Extracted data entries
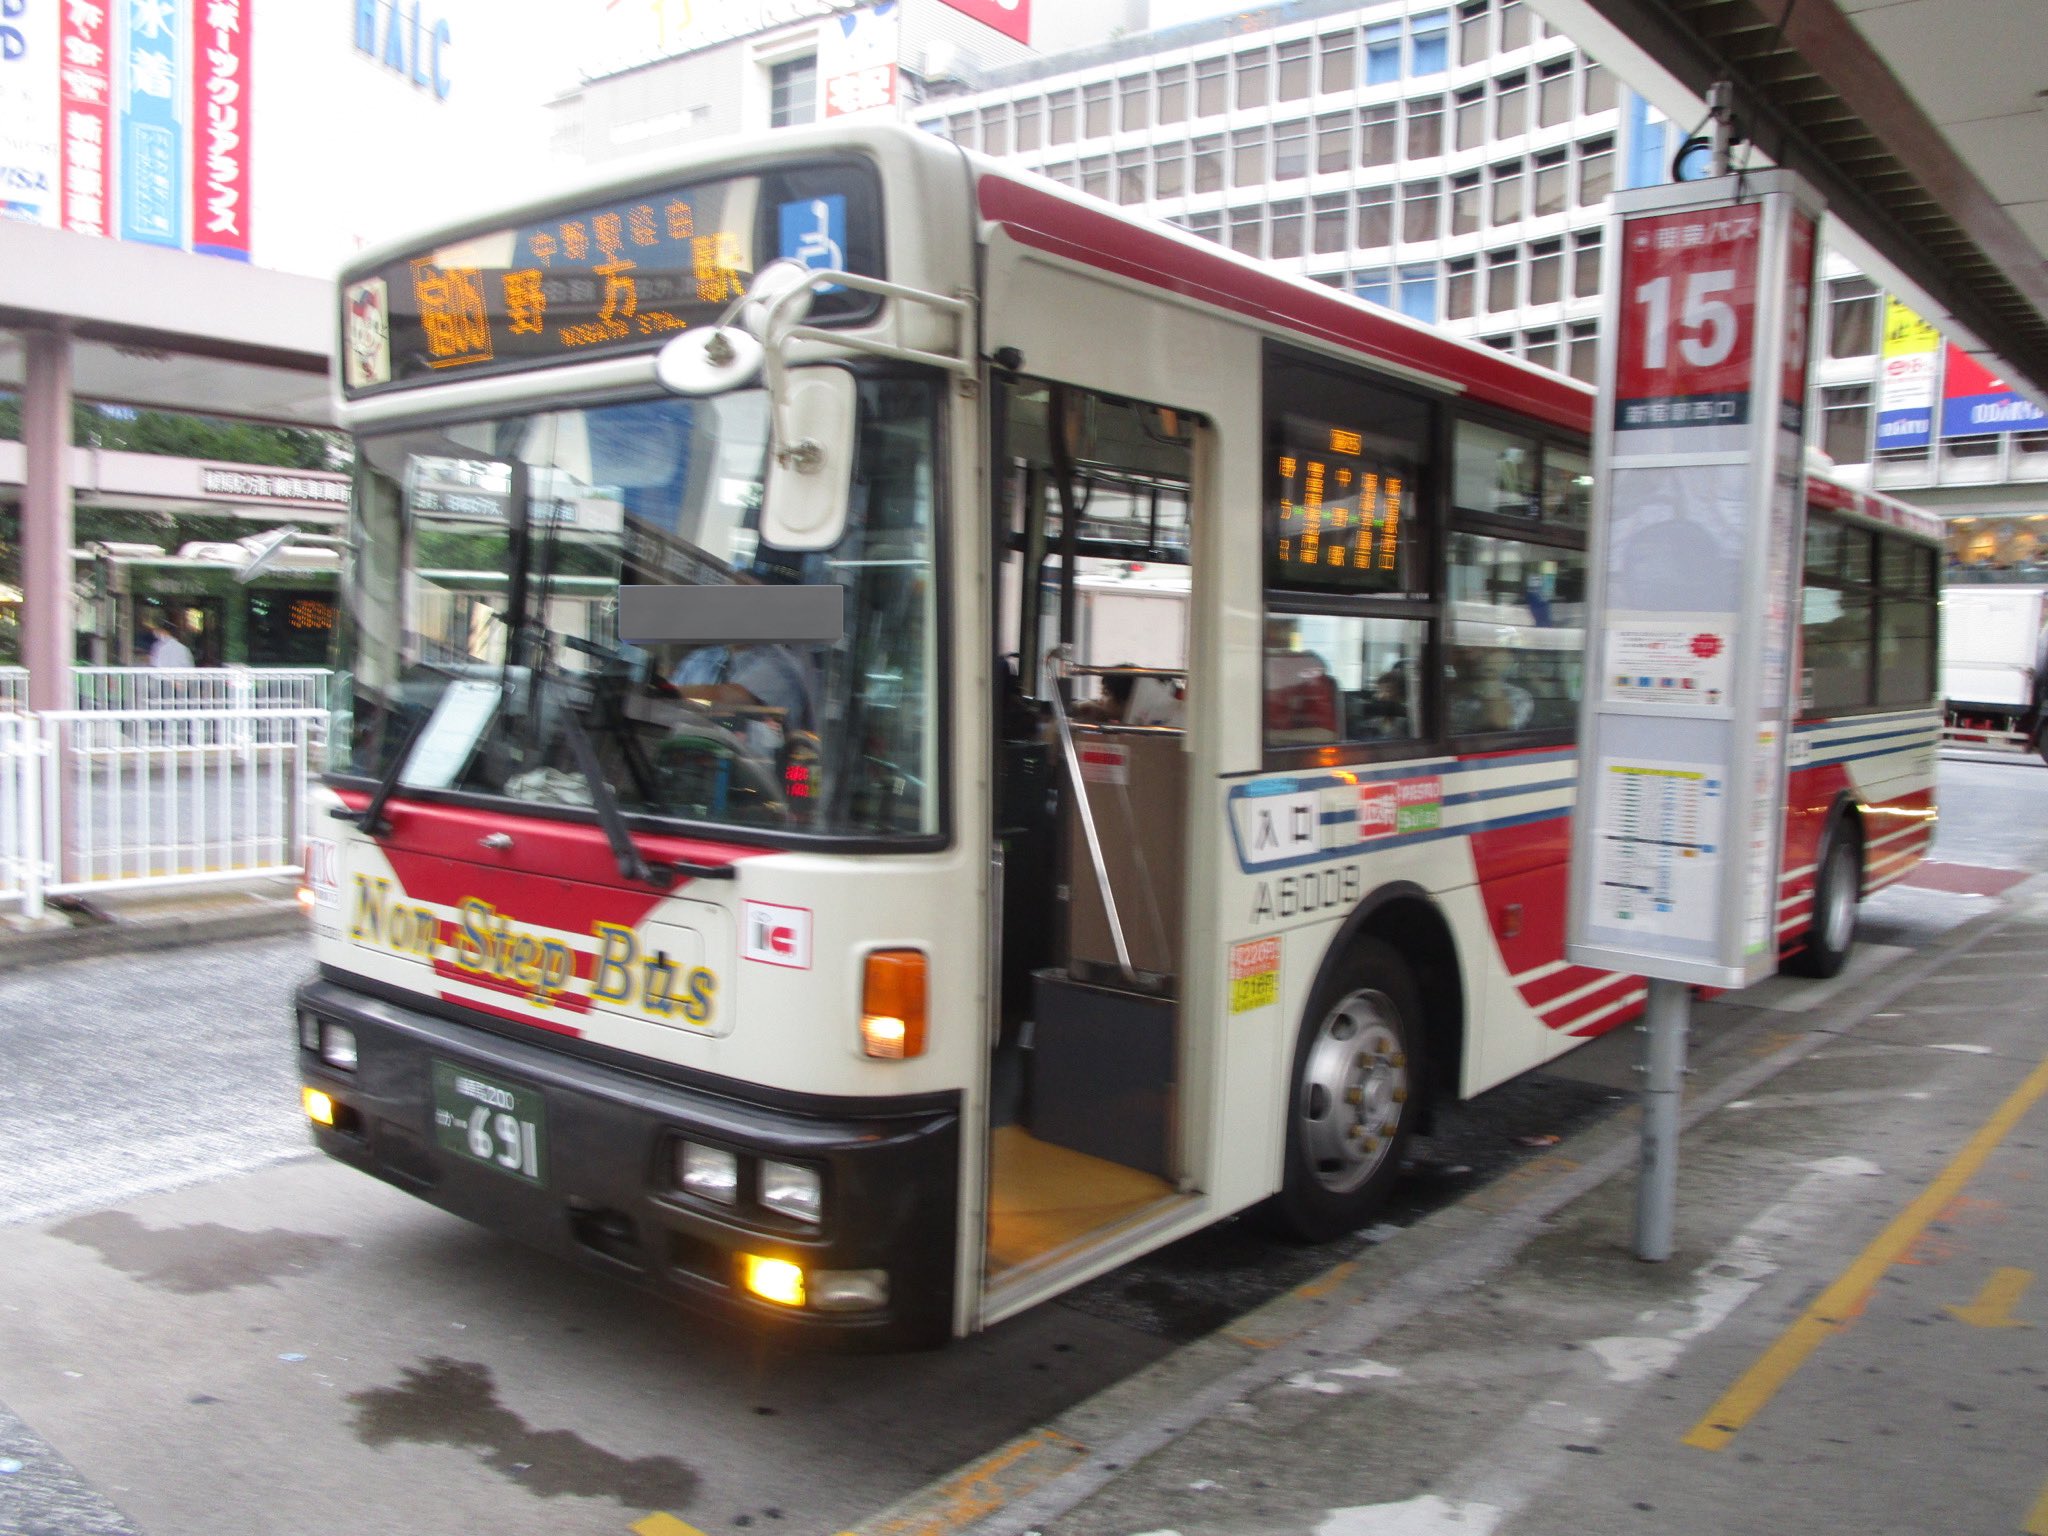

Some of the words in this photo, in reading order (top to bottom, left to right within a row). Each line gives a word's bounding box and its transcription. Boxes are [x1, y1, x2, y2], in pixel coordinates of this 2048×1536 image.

[1635, 268, 1738, 368] 15
[1254, 803, 1313, 850] 入口
[346, 873, 445, 960] Non
[454, 895, 577, 1008] Step
[589, 919, 720, 1026] Bus
[467, 1104, 538, 1178] 691

Problem description
Restate all entries exactly; pictures stay out.

Answer area
Some of the words in this photo, in reading order (top to bottom, left to right within a row). Each line gives a word's bounding box and its transcription. Boxes are [x1, y1, x2, y2], in pixel coordinates of this 2048×1536 image.

[1635, 268, 1738, 368] 15
[1254, 803, 1313, 850] 入口
[346, 873, 445, 960] Non
[454, 895, 577, 1008] Step
[589, 919, 720, 1026] Bus
[467, 1104, 538, 1178] 691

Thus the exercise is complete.